The amount of money sloshing around the U.S. economy reduced in 2022 for the first time on record, a development that some economists believe boosts the case for U.S. inflation pressures continuing to recede.
Interestingly, the Federal Reserve’s key measure of the country’s money stock – known as M2 money supply – dropped for a fifth successive month in December, falling by a record $147.4 billion to a seasonally adjusted $21.2 trillion from the prior month, according to data from the U.S. central bank published this week.
From a year earlier, the volume of coins, cash, checking and savings deposits, other small time deposits and cash put in money market funds slid by almost $300 billion and has dropped by more than $530 billion since last March when the Fed began its aggressive – and ongoing – process to drain liquidity from the economy to curb high inflation.
M2 took off in March 2020 as the Fed lowered rates and began purchasing trillions of dollars in bonds to help buoy up the economy as the coronavirus pandemic started, ultimately increasing by $6.3 trillion – a 40% jump – from its level right before the beginning of the crisis.
The recent drop in the money supply comes as the Fed has been aggressively hiking rates to drive inflation back to its 2% target.

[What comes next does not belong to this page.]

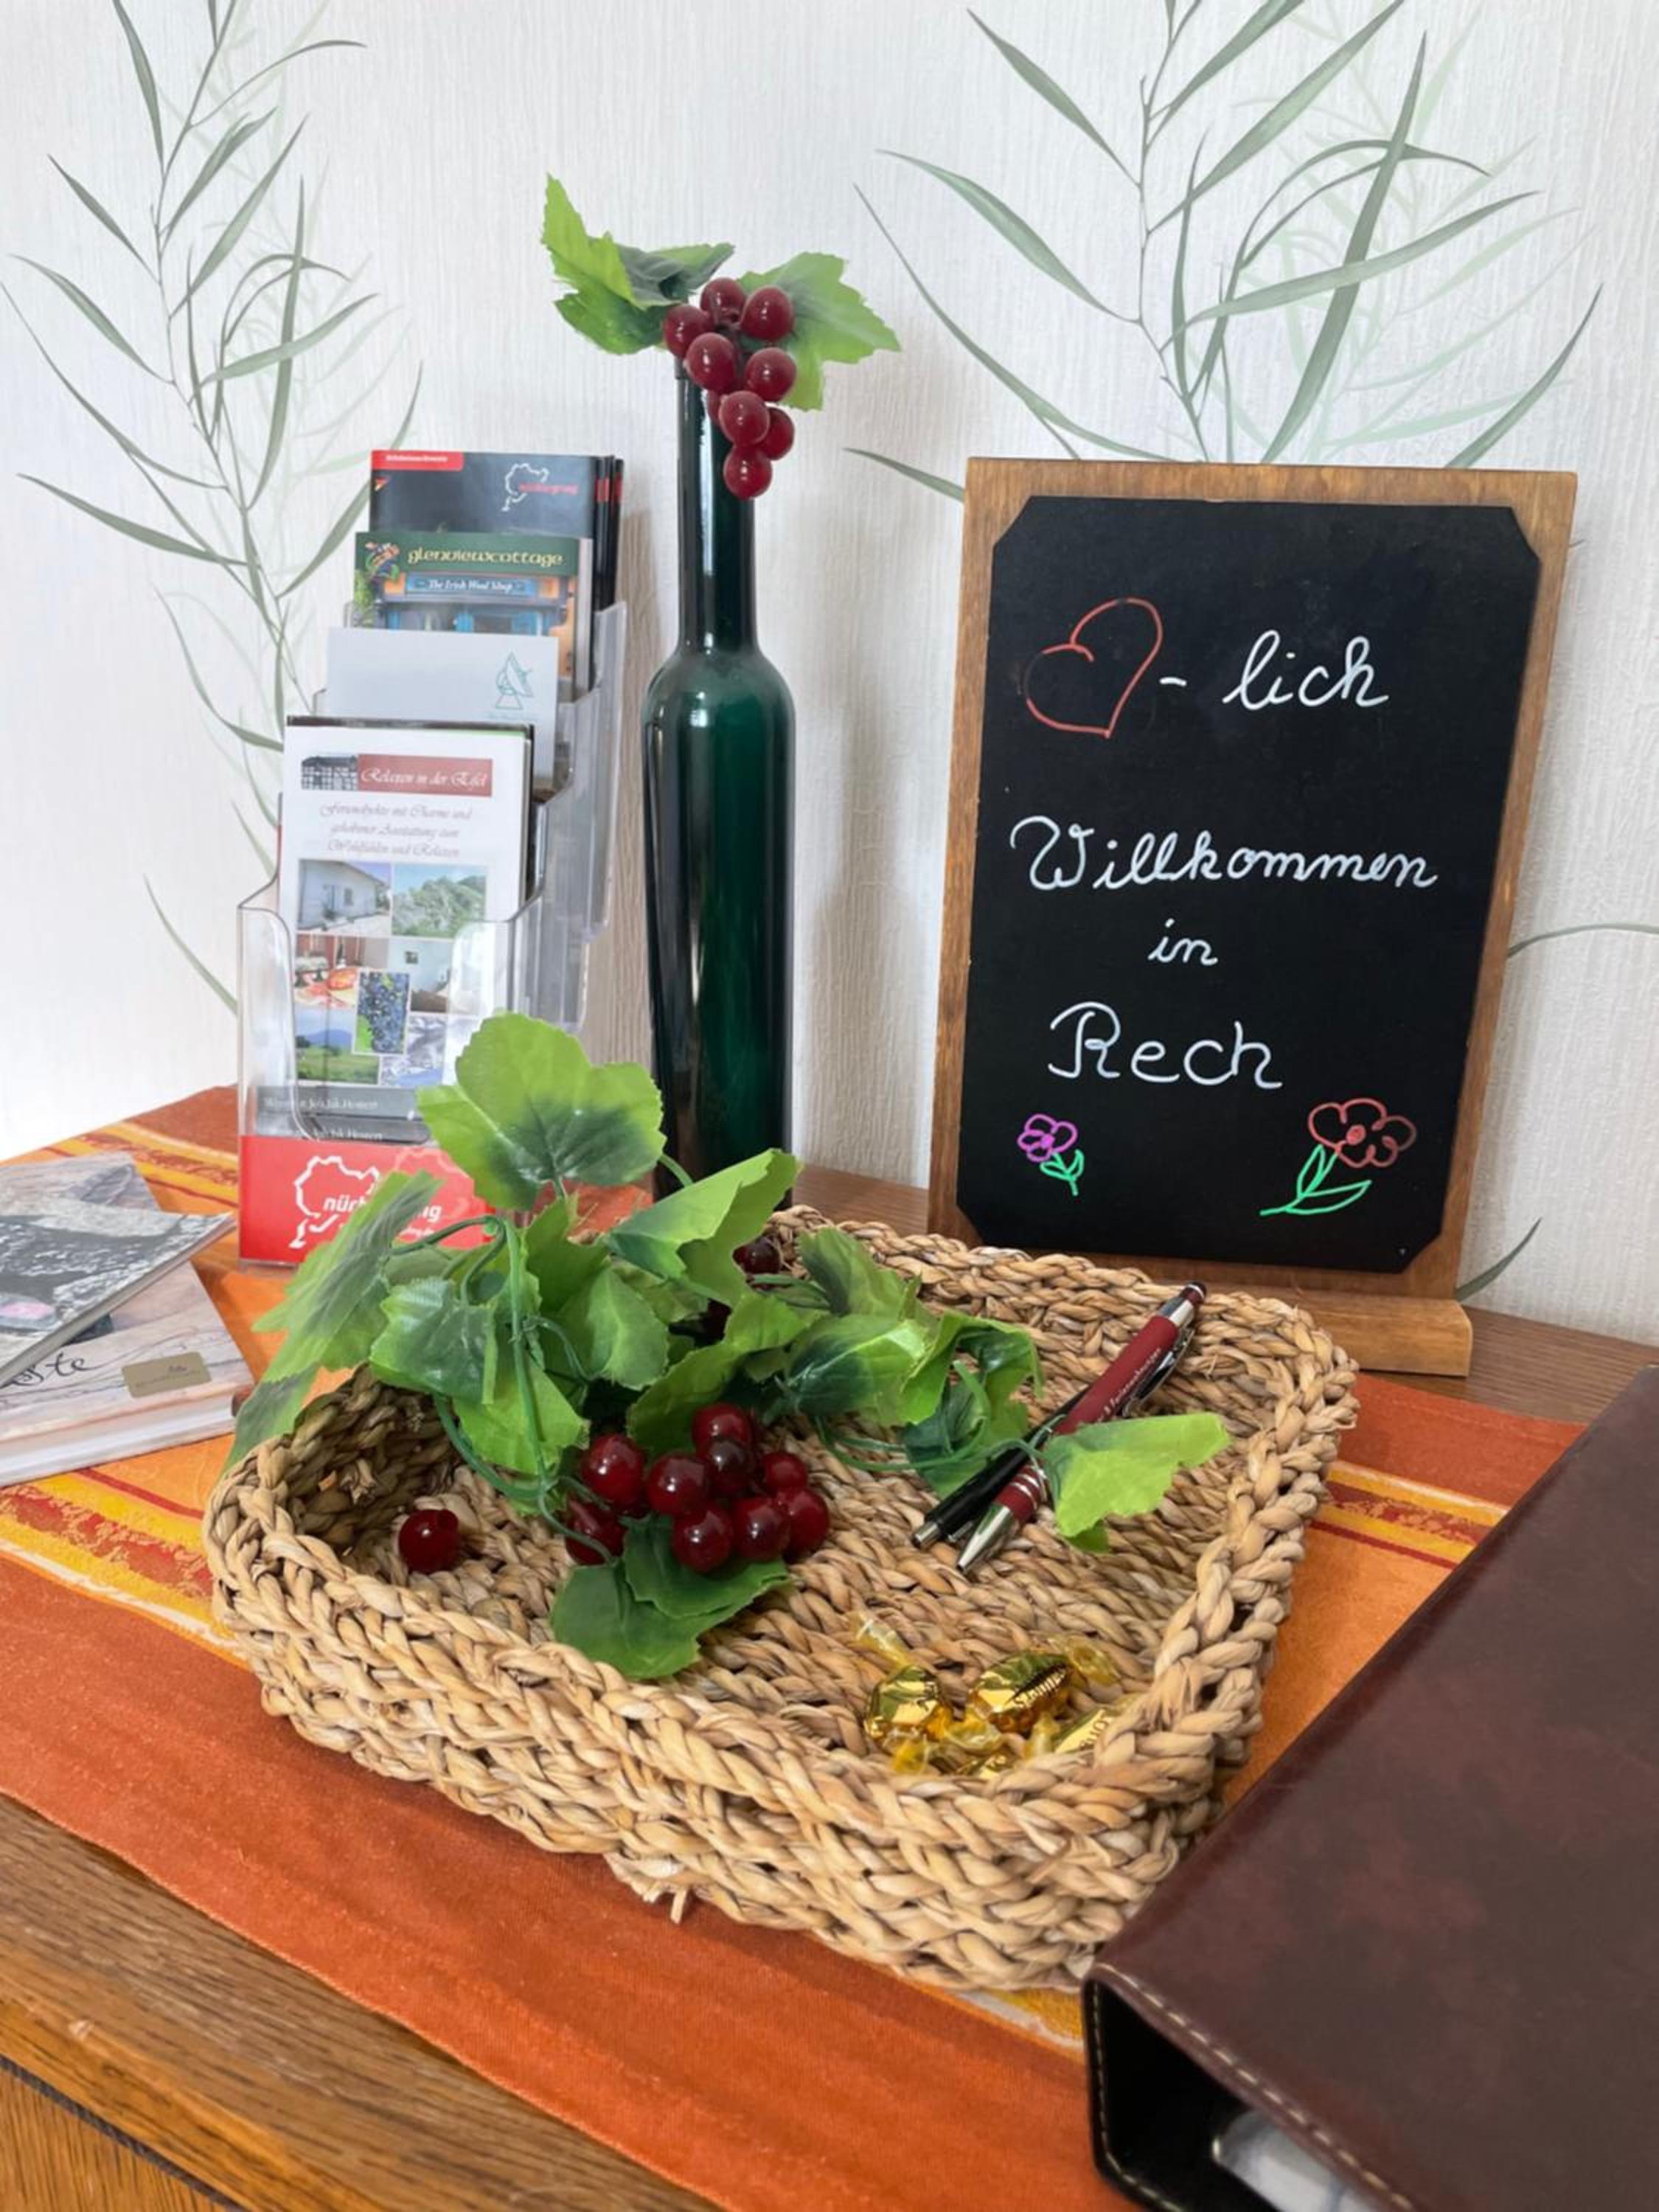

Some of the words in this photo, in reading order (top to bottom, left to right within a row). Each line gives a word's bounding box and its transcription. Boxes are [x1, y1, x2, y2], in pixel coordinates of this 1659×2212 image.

[1009, 815, 1438, 891] Willkommen
[1147, 918, 1218, 965] in
[1047, 1000, 1283, 1090] Rech

Since last June, it has also reduced its holdings of Treasury and mortgage bonds by $400 billion to almost $8.5 trillion to augment that process, further taking away the economy’s financial liquidity.
Money-supply purists have long asserted that the nation’s ever-growing stock of money was an inflation time bomb. It’s an argument that lost credibility with policymakers in the record-long economic growth before the pandemic when M2 increased by more than 80% but inflation never surged sustainably above the Fed’s 2% goal and spent much of that decade, particularly below it.
That dynamic shifted in the last two years, though, with money supply trends going in almost the same direction as inflation pressures: As money supply increased sharply into early 2022, so did inflation; since M2 began a persistent fall last summer, inflation pressures have also abated.
‘A Monetary Phenomenon’
Several Fed officials are now showing renewed interest.
M2 “exploded during the pandemic, and correctly predicted that we would get inflation,” Federal Reserve Bank of St. Louis President James Bullard, an early proponent of policy tightening, said earlier in January. “Inflation is certainly a monetary phenomenon” and “when you get a huge movement in money, then you do get the movement in inflation,” as was seen in the 1960s, ‘70s, and ‘80s.
To be certain, measuring money supply is difficult, with no one way to do it. The Fed itself has changed its approach, canceling the publication of an even broader measure, called M3, in 2006. Bullard, acknowledging the cooling off of money supply, said this decline in money “bodes well for disinflation,” which implies the Fed is expected to face a continuing trend of lower price pressures.
A paper released in January by the Mercatus Center at George Mason University said that policymakers and economists would do well to keep tabs on money supply measures in the future.Buy Crypto Now
“Money has all but disappeared from monetary policy analysis” given the economics profession’s focus on the view monetary policy works by dealing with expectations about the future path of interest rates, wrote Joshua Hendrickson of the University of Mississippi. Given money supply’s higher-than-expected track record on recent inflation issues, dismissing these numbers has been “misguided,” he said.
Economists, meanwhile, are still taking into account whether money supply is something they need to pay more attention to as they contemplate inflation and monetary policy.
“I think that what we are finding is that the relationship between changes in the money supply and inflation is far less linear” than had been previously understood, said Thomas Simons, economist with investment bank Jefferies.
Nevertheless, Simons said, it seems the Fed’s aggressive balance sheet expansion during the pandemic did have a greater impact on inflation than in past decades.